WORK INSTRUCTION
Your copy of the listing must be exact and must hold no images.

PROVIDED ENTRIES

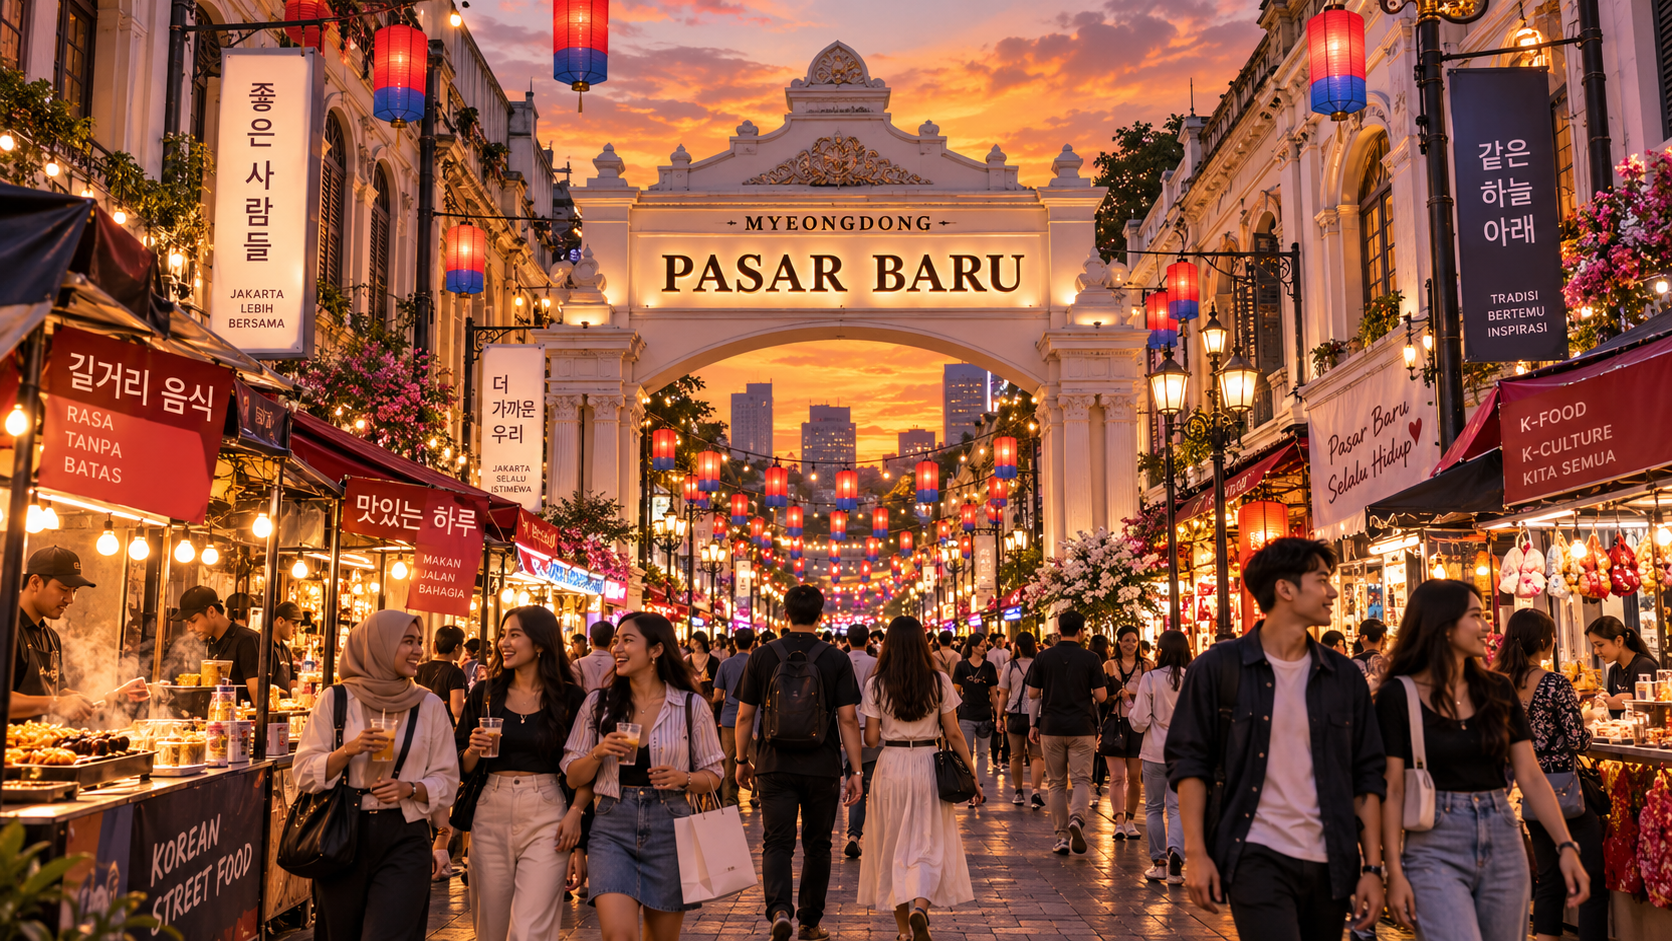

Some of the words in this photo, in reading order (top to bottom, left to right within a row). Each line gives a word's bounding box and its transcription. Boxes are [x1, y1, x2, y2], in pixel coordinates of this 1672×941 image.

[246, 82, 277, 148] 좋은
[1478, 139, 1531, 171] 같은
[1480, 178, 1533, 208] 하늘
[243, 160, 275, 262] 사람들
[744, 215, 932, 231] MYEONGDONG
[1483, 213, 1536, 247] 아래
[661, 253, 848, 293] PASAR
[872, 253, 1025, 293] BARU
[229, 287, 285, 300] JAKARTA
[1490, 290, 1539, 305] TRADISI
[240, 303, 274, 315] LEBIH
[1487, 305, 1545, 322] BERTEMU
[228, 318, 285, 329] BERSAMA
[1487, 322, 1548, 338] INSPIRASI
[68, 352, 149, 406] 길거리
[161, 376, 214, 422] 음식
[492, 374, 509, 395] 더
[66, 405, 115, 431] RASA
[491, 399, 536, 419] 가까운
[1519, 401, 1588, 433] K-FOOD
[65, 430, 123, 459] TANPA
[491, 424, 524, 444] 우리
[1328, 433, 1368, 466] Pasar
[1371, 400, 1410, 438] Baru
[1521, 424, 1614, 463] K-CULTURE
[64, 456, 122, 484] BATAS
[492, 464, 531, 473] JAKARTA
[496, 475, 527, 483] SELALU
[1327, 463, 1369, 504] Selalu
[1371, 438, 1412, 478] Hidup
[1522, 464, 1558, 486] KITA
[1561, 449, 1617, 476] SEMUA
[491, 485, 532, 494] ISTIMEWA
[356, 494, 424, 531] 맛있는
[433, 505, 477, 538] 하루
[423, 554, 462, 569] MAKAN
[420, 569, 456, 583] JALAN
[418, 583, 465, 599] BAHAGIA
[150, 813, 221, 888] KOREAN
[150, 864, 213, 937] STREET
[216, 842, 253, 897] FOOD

ANSWER TO THIS EXERCISE
Some of the words in this photo, in reading order (top to bottom, left to right within a row). Each line gives a word's bounding box and its transcription. Boxes are [x1, y1, x2, y2], in pixel coordinates of this 1672×941 image.

[246, 82, 277, 148] 좋은
[1478, 139, 1531, 171] 같은
[1480, 178, 1533, 208] 하늘
[243, 160, 275, 262] 사람들
[744, 215, 932, 231] MYEONGDONG
[1483, 213, 1536, 247] 아래
[661, 253, 848, 293] PASAR
[872, 253, 1025, 293] BARU
[229, 287, 285, 300] JAKARTA
[1490, 290, 1539, 305] TRADISI
[240, 303, 274, 315] LEBIH
[1487, 305, 1545, 322] BERTEMU
[228, 318, 285, 329] BERSAMA
[1487, 322, 1548, 338] INSPIRASI
[68, 352, 149, 406] 길거리
[161, 376, 214, 422] 음식
[492, 374, 509, 395] 더
[66, 405, 115, 431] RASA
[491, 399, 536, 419] 가까운
[1519, 401, 1588, 433] K-FOOD
[65, 430, 123, 459] TANPA
[491, 424, 524, 444] 우리
[1328, 433, 1368, 466] Pasar
[1371, 400, 1410, 438] Baru
[1521, 424, 1614, 463] K-CULTURE
[64, 456, 122, 484] BATAS
[492, 464, 531, 473] JAKARTA
[496, 475, 527, 483] SELALU
[1327, 463, 1369, 504] Selalu
[1371, 438, 1412, 478] Hidup
[1522, 464, 1558, 486] KITA
[1561, 449, 1617, 476] SEMUA
[491, 485, 532, 494] ISTIMEWA
[356, 494, 424, 531] 맛있는
[433, 505, 477, 538] 하루
[423, 554, 462, 569] MAKAN
[420, 569, 456, 583] JALAN
[418, 583, 465, 599] BAHAGIA
[150, 813, 221, 888] KOREAN
[150, 864, 213, 937] STREET
[216, 842, 253, 897] FOOD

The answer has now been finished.